▶ _TASK DETAILS_
Repeat the listing exactly, line by line.

▶ _RECORDS FOR THIS EXERCISE_
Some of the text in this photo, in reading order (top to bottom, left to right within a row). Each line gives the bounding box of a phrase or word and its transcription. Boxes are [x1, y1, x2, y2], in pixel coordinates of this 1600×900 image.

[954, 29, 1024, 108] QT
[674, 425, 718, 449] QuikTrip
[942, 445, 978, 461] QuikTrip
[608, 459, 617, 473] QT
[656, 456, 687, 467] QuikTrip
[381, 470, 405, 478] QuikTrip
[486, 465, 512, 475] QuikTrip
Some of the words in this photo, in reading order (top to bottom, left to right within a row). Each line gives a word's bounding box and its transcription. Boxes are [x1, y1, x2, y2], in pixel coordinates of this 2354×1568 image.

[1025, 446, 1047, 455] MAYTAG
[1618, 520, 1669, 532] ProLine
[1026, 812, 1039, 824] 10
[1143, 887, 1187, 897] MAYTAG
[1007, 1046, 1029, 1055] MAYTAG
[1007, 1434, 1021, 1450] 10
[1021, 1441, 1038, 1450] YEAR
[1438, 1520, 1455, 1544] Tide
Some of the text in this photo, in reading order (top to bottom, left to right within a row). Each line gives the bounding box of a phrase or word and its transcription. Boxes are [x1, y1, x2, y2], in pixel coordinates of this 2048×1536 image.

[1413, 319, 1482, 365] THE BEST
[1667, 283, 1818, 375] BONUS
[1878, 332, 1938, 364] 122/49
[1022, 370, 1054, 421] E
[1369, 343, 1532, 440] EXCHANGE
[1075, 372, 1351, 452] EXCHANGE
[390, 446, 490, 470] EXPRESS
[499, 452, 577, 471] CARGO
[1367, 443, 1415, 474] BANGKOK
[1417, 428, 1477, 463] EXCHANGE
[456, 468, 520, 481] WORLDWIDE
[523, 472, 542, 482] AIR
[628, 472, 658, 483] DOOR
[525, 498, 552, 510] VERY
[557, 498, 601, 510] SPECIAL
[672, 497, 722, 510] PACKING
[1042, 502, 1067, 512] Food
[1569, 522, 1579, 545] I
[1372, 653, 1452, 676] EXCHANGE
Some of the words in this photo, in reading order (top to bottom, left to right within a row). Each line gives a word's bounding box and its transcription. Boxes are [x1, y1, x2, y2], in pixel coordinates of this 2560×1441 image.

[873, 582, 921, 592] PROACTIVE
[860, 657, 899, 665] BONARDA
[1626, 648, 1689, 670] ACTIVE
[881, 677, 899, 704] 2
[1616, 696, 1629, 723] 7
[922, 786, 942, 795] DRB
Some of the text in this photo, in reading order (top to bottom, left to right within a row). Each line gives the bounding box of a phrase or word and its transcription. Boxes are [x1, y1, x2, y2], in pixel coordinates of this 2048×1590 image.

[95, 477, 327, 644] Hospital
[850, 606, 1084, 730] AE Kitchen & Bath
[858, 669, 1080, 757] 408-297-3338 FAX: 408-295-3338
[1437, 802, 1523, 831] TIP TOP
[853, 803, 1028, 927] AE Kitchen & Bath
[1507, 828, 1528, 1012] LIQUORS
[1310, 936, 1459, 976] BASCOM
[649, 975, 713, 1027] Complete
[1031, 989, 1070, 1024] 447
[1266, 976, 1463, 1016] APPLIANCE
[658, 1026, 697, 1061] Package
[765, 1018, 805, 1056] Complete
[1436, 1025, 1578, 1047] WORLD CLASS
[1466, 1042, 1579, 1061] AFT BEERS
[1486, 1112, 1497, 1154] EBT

▶ _ANSWER TO THE EXERCISE_
Some of the text in this photo, in reading order (top to bottom, left to right within a row). Each line gives the bounding box of a phrase or word and its transcription. Boxes are [x1, y1, x2, y2], in pixel coordinates of this 1600×900 image.

[954, 29, 1024, 108] QT
[674, 425, 718, 449] QuikTrip
[942, 445, 978, 461] QuikTrip
[608, 459, 617, 473] QT
[656, 456, 687, 467] QuikTrip
[381, 470, 405, 478] QuikTrip
[486, 465, 512, 475] QuikTrip
Some of the words in this photo, in reading order (top to bottom, left to right within a row). Each line gives a word's bounding box and its transcription. Boxes are [x1, y1, x2, y2], in pixel coordinates of this 2354×1568 image.

[1025, 446, 1047, 455] MAYTAG
[1618, 520, 1669, 532] ProLine
[1026, 812, 1039, 824] 10
[1143, 887, 1187, 897] MAYTAG
[1007, 1046, 1029, 1055] MAYTAG
[1007, 1434, 1021, 1450] 10
[1021, 1441, 1038, 1450] YEAR
[1438, 1520, 1455, 1544] Tide
Some of the text in this photo, in reading order (top to bottom, left to right within a row). Each line gives the bounding box of a phrase or word and its transcription. Boxes are [x1, y1, x2, y2], in pixel coordinates of this 2048×1536 image.

[1413, 319, 1482, 365] THE BEST
[1667, 283, 1818, 375] BONUS
[1878, 332, 1938, 364] 122/49
[1022, 370, 1054, 421] E
[1369, 343, 1532, 440] EXCHANGE
[1075, 372, 1351, 452] EXCHANGE
[390, 446, 490, 470] EXPRESS
[499, 452, 577, 471] CARGO
[1367, 443, 1415, 474] BANGKOK
[1417, 428, 1477, 463] EXCHANGE
[456, 468, 520, 481] WORLDWIDE
[523, 472, 542, 482] AIR
[628, 472, 658, 483] DOOR
[525, 498, 552, 510] VERY
[557, 498, 601, 510] SPECIAL
[672, 497, 722, 510] PACKING
[1042, 502, 1067, 512] Food
[1569, 522, 1579, 545] I
[1372, 653, 1452, 676] EXCHANGE
Some of the words in this photo, in reading order (top to bottom, left to right within a row). Each line gives a word's bounding box and its transcription. Boxes are [x1, y1, x2, y2], in pixel coordinates of this 2560×1441 image.

[873, 582, 921, 592] PROACTIVE
[860, 657, 899, 665] BONARDA
[1626, 648, 1689, 670] ACTIVE
[881, 677, 899, 704] 2
[1616, 696, 1629, 723] 7
[922, 786, 942, 795] DRB
Some of the text in this photo, in reading order (top to bottom, left to right within a row). Each line gives the bounding box of a phrase or word and its transcription. Boxes are [x1, y1, x2, y2], in pixel coordinates of this 2048×1590 image.

[95, 477, 327, 644] Hospital
[850, 606, 1084, 730] AE Kitchen & Bath
[858, 669, 1080, 757] 408-297-3338 FAX: 408-295-3338
[1437, 802, 1523, 831] TIP TOP
[853, 803, 1028, 927] AE Kitchen & Bath
[1507, 828, 1528, 1012] LIQUORS
[1310, 936, 1459, 976] BASCOM
[649, 975, 713, 1027] Complete
[1031, 989, 1070, 1024] 447
[1266, 976, 1463, 1016] APPLIANCE
[658, 1026, 697, 1061] Package
[765, 1018, 805, 1056] Complete
[1436, 1025, 1578, 1047] WORLD CLASS
[1466, 1042, 1579, 1061] AFT BEERS
[1486, 1112, 1497, 1154] EBT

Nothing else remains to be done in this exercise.